The days of working fifty years from nine-to-five, just to claim a gold watch at retirement are long gone.
New trends in retirement mean changes to the way people plan and invest for the future. RBC Wealth Management-US examined the issue and identified five developing trends, presented in our linked article for your enlightenment.
First of all, the modern family is changing – movement has been apparent for decades, but the pattern is now solidifying. For example, in the 1960s, around three-quarters of American children lived in homes with two parents. These days, a bit more than half live with a single parent.

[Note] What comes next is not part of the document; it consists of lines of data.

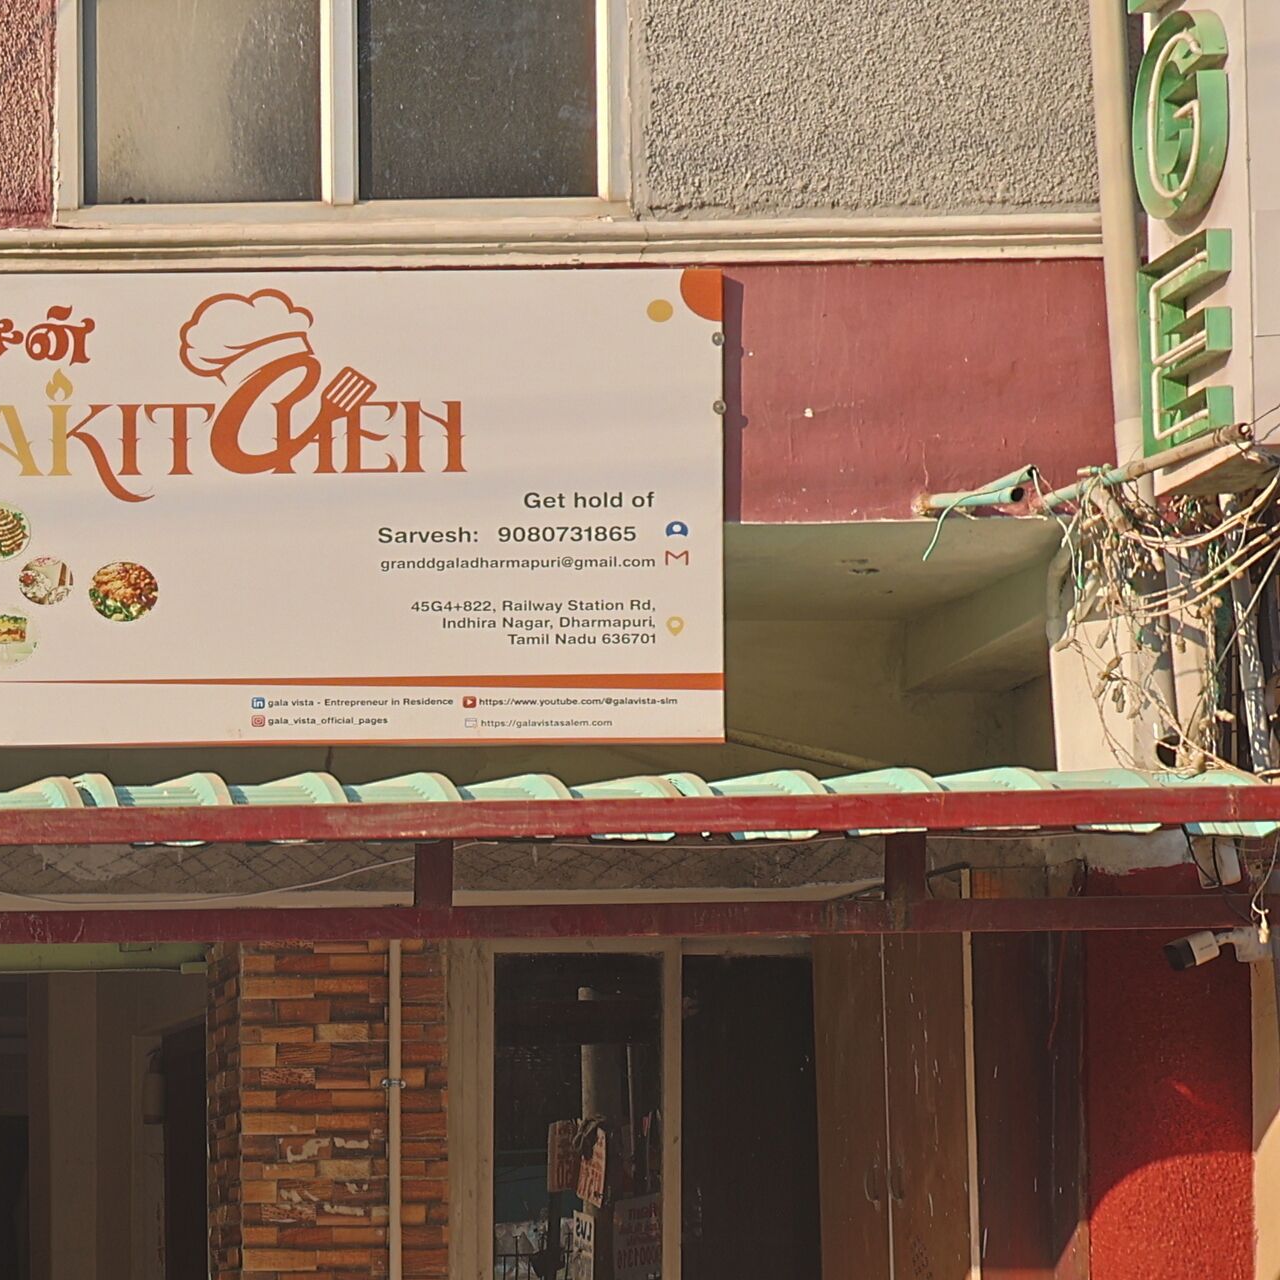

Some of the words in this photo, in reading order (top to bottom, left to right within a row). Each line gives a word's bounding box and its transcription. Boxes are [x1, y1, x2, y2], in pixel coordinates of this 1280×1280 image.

[523, 492, 566, 509] Get
[573, 491, 624, 508] hold
[631, 490, 655, 508] of
[378, 526, 479, 544] Sarvesh:
[497, 525, 638, 543] 9080731865
[380, 555, 656, 572] granddgaladharmapuri@gmail.com
[410, 600, 497, 614] 45G4+822,
[501, 599, 563, 614] Railway
[567, 599, 624, 612] Station
[630, 598, 656, 613] Rd,
[442, 616, 497, 629] Indhira
[502, 616, 554, 631] Nagar,
[559, 615, 656, 630] Dharmapuri,
[507, 633, 550, 645] Tamil
[555, 633, 597, 645] Nadu
[601, 632, 657, 645] 636701
[268, 699, 289, 708] gala
[291, 698, 314, 707] vista
[324, 698, 389, 708] Entrepreneur
[391, 697, 400, 706] in
[403, 697, 454, 706] Residence
[268, 716, 388, 727] gala_vista_official_pages
[481, 718, 613, 729] https://galavistasalem.com

How did the change come about? Easier divorce, lessening of the social stigma of living together and the simple decision of single people, particularly busy professionals, to have children without waiting for marriage have all played a part. The closely watched millennial generation seems particularly likely to wait longer to get married, or simply not bother at all. The new family has specific funding capabilities and planning needs that call for a fresh approach from financial advisors.
Next, consider the trend for longevity and better health. In the US, people can expect to live longer and be healthy enough to enjoy their extended golden years. Older people often remain active, starting businesses and finding a host of ways to generate income post-retirement – if that condition can be said to even apply. This means more resources in the hands of seniors than ever, which can be put to good work in investments.
The downside to longevity is increased pressure on chronically underfunded Medicare. RBC’s specialists expect Medicare premiums to rise for those still in the workforce, while the organization itself will have to find ways to make medical care more affordable. Changes are unavoidable and are likely to be contentious.